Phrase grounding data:
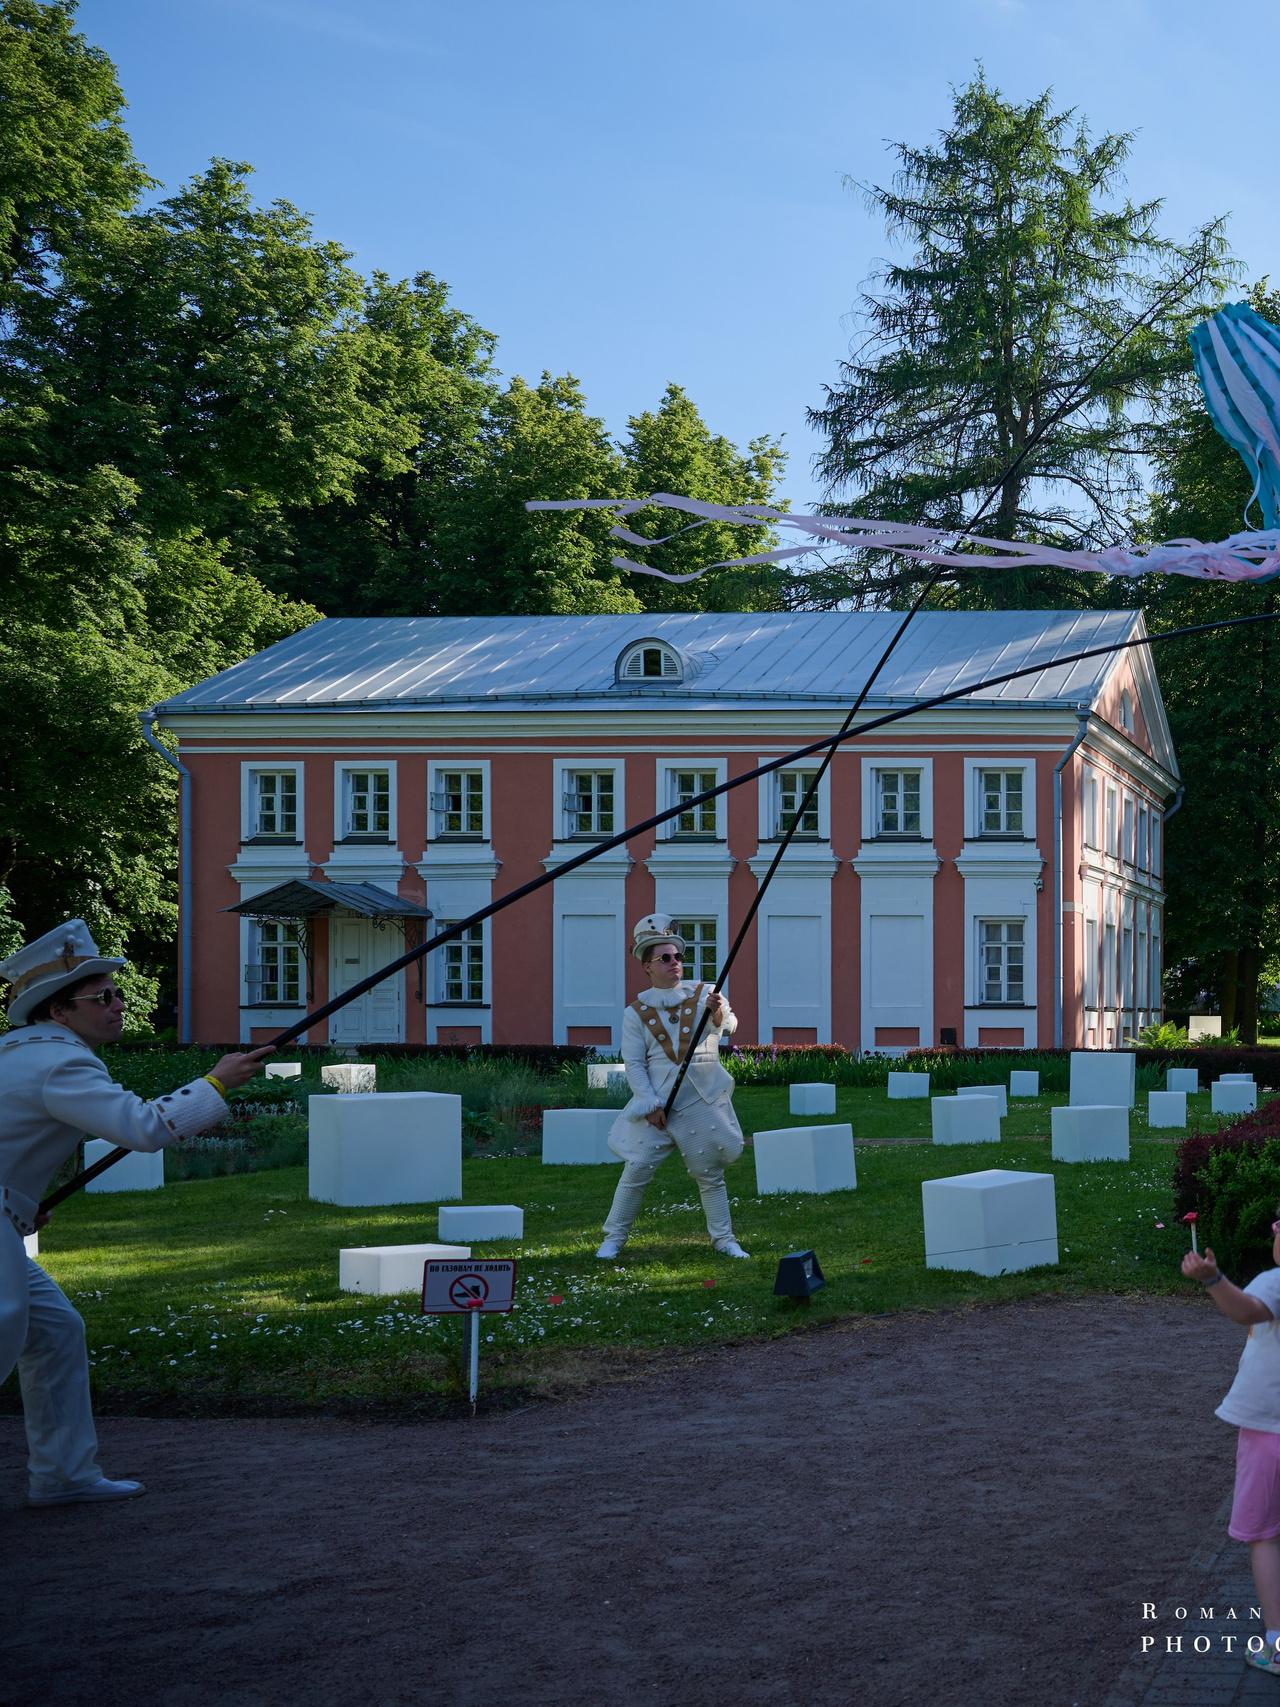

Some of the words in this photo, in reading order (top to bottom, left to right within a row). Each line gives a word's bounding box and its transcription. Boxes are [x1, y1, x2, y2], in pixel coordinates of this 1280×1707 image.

[441, 1264, 473, 1272] ГАЗОНАМ
[474, 1264, 483, 1272] НЕ
[484, 1264, 511, 1272] ХОДИТЬ
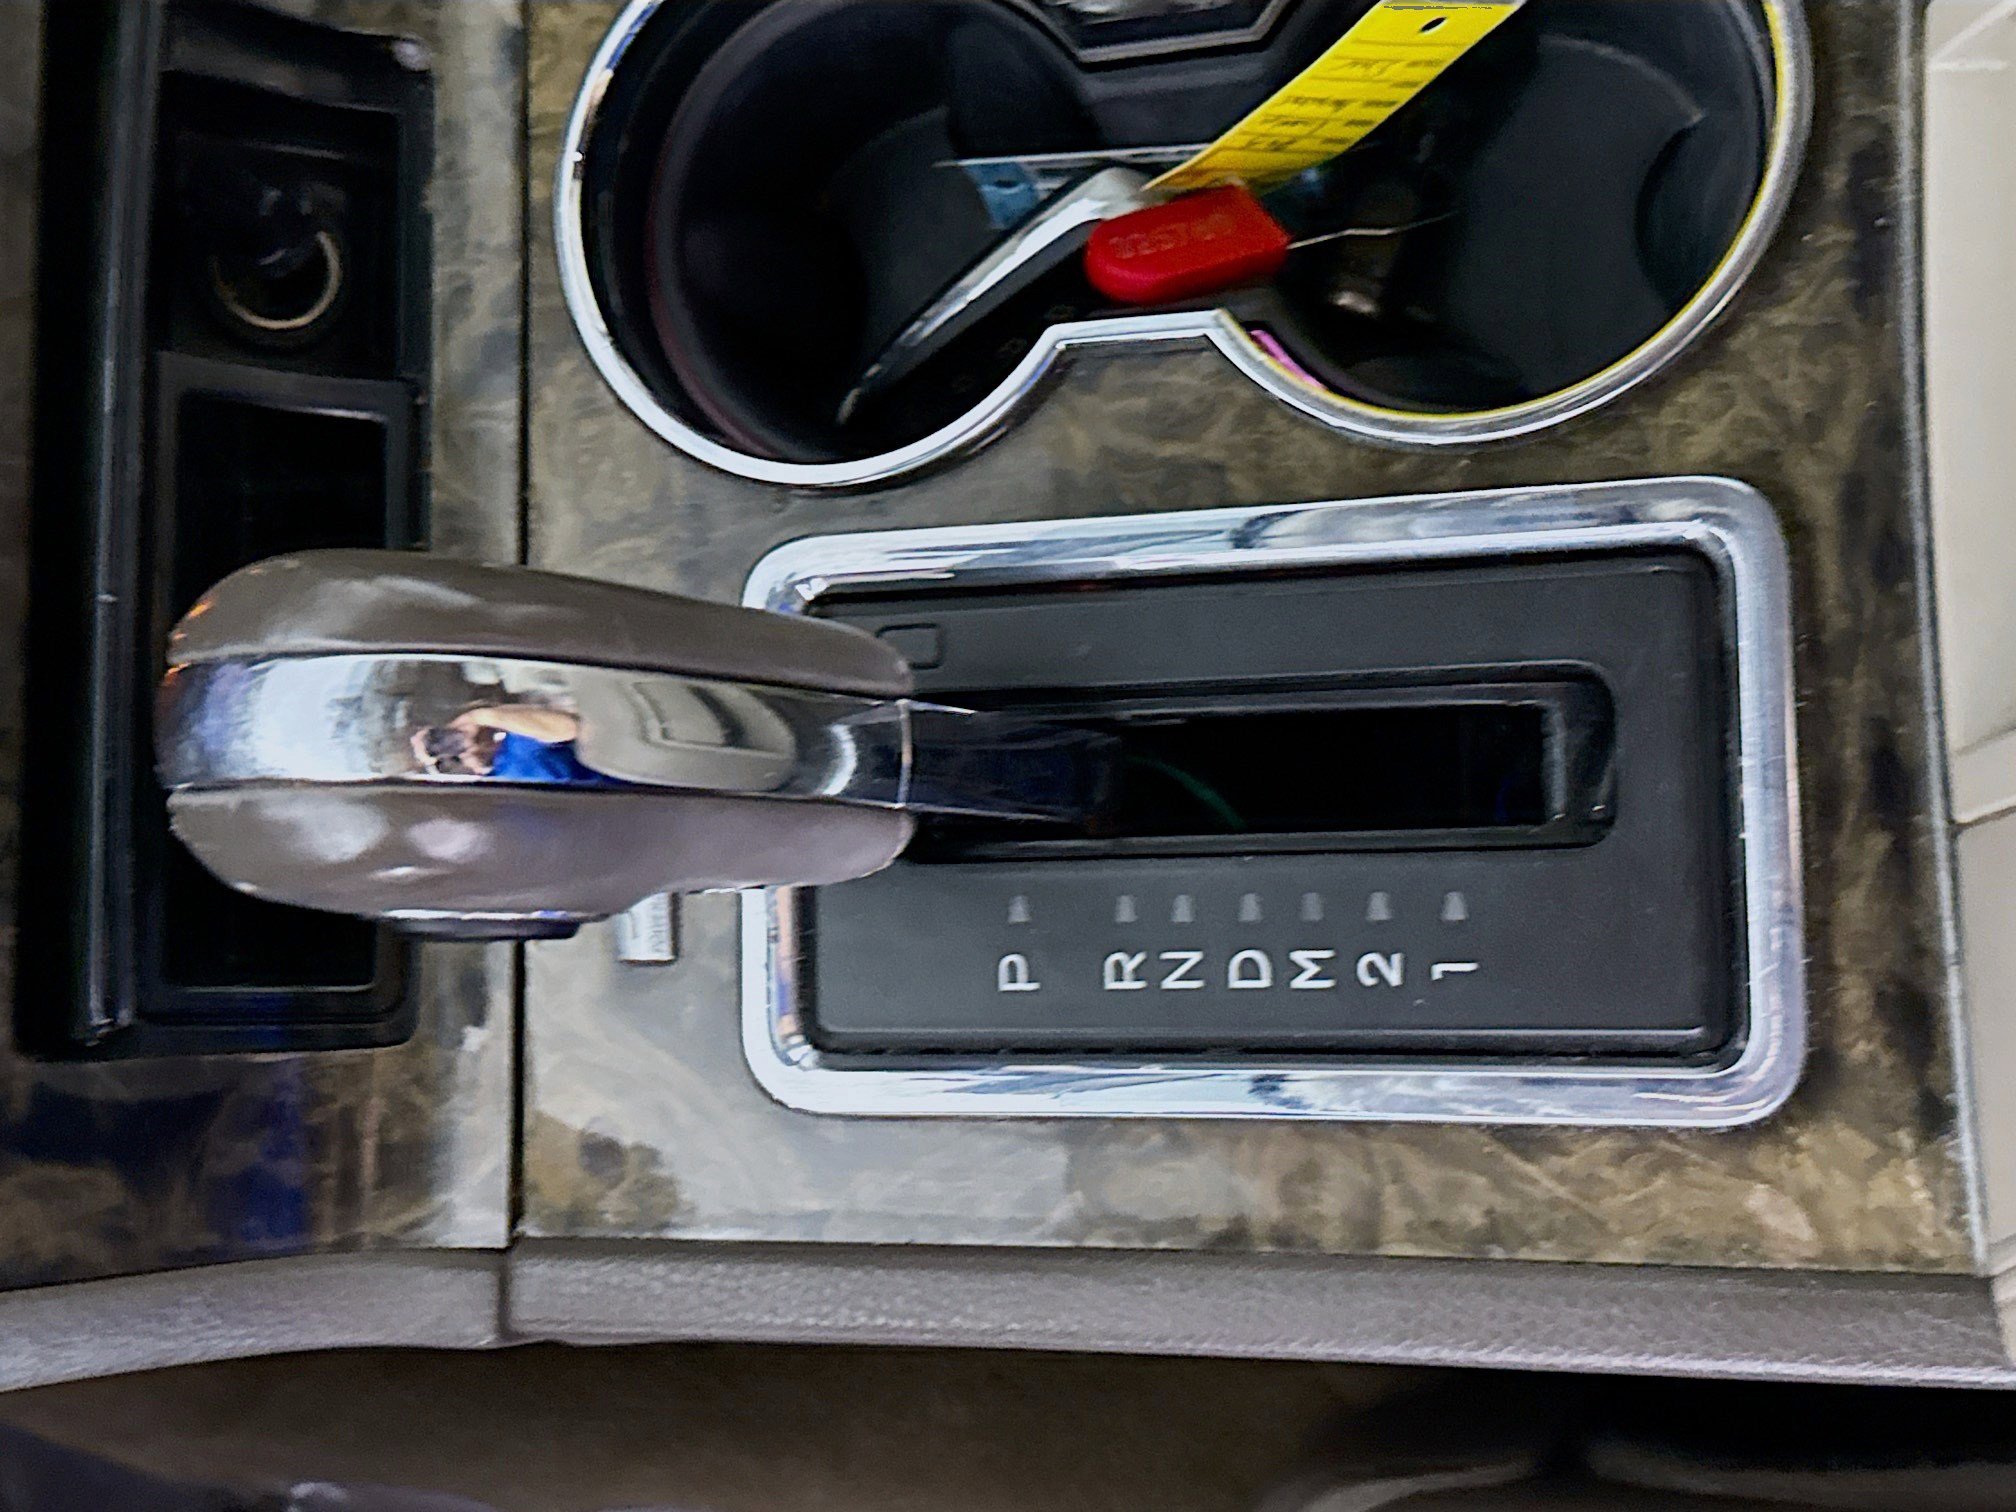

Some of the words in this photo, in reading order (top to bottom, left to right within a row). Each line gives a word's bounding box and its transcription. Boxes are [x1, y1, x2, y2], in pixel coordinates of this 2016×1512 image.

[997, 953, 1041, 992] P
[1102, 951, 1148, 990] R
[1159, 950, 1205, 990] N
[1227, 949, 1273, 989] D
[1289, 949, 1336, 989] M
[1356, 952, 1404, 987] 2
[1431, 962, 1480, 981] 1

Task requirements — Please output all of the entries exactly as they appear, with no pictures.

The completed task —
Some of the words in this photo, in reading order (top to bottom, left to right within a row). Each line gives a word's bounding box and its transcription. Boxes are [x1, y1, x2, y2], in pixel coordinates of this 1280×1707 image.

[441, 1264, 473, 1272] ГАЗОНАМ
[474, 1264, 483, 1272] НЕ
[484, 1264, 511, 1272] ХОДИТЬ

Some of the words in this photo, in reading order (top to bottom, left to right within a row). Each line gives a word's bounding box and its transcription. Boxes are [x1, y1, x2, y2], in pixel coordinates of this 2016×1512 image.

[997, 953, 1041, 992] P
[1102, 951, 1148, 990] R
[1159, 950, 1205, 990] N
[1227, 949, 1273, 989] D
[1289, 949, 1336, 989] M
[1356, 952, 1404, 987] 2
[1431, 962, 1480, 981] 1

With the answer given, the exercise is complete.